WHAT YOU WILL DO:
An exact transcription of every record is needed, leaving out the pictures.

----------------------------------------

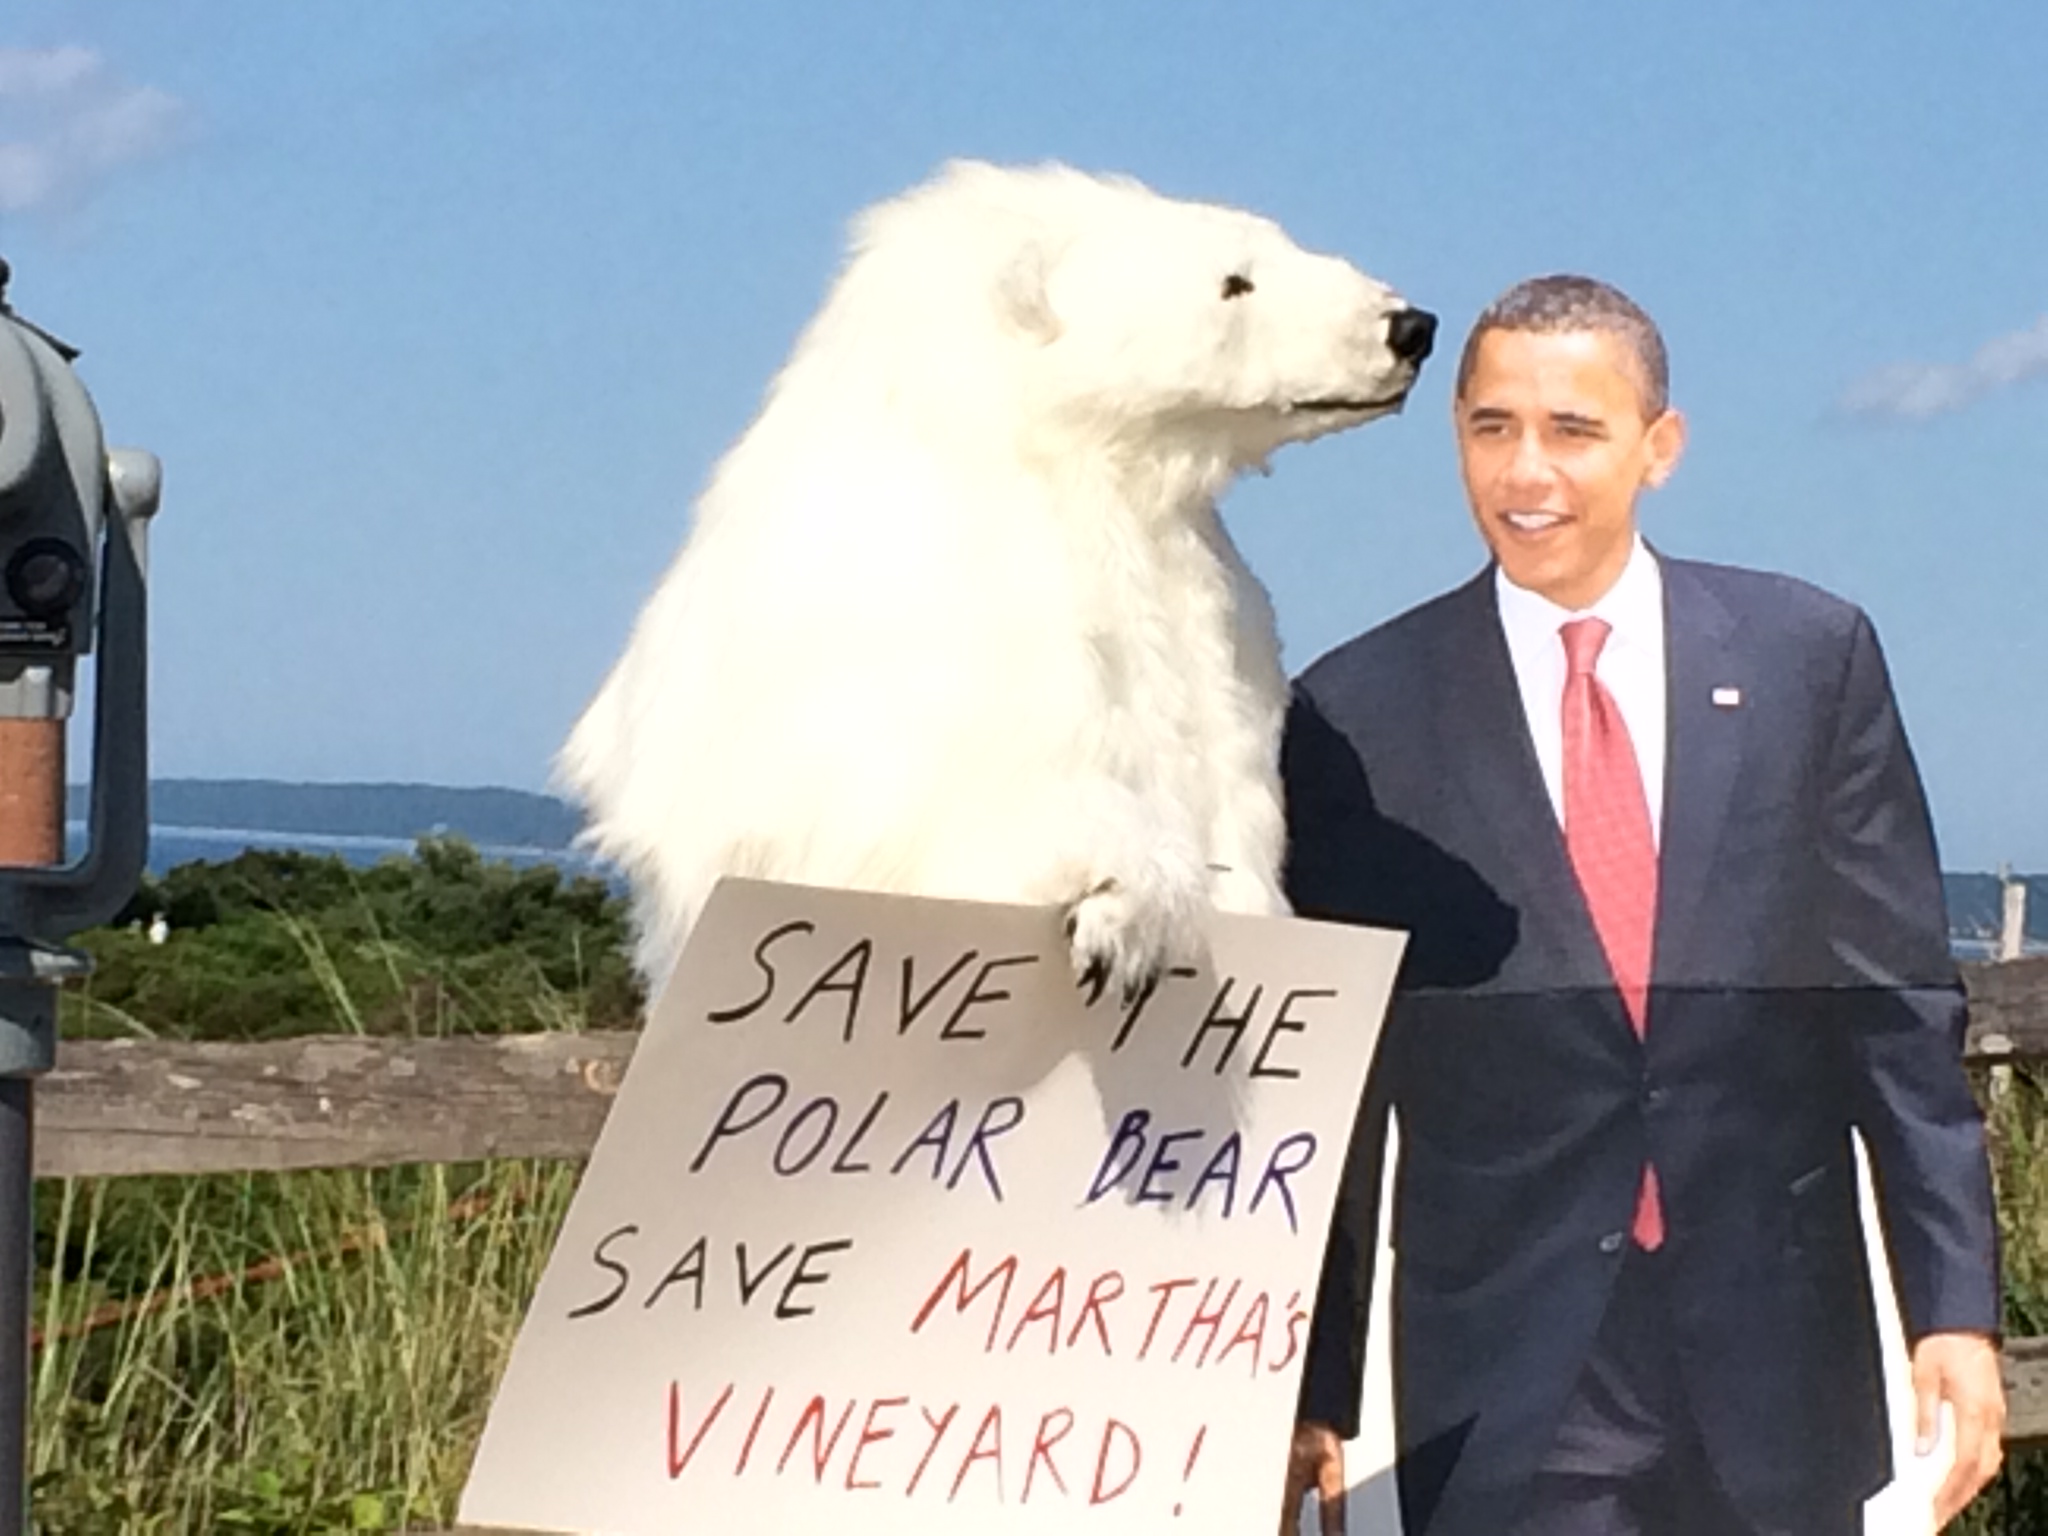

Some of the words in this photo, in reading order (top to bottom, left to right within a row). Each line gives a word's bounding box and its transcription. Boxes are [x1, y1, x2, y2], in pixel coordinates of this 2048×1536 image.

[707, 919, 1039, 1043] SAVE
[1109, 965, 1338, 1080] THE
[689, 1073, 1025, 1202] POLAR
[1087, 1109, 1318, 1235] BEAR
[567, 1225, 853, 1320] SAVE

----------------------------------------

EXERCISE ANSWER:
Some of the words in this photo, in reading order (top to bottom, left to right within a row). Each line gives a word's bounding box and its transcription. Boxes are [x1, y1, x2, y2], in pixel coordinates of this 2048×1536 image.

[707, 919, 1039, 1043] SAVE
[1109, 965, 1338, 1080] THE
[689, 1073, 1025, 1202] POLAR
[1087, 1109, 1318, 1235] BEAR
[567, 1225, 853, 1320] SAVE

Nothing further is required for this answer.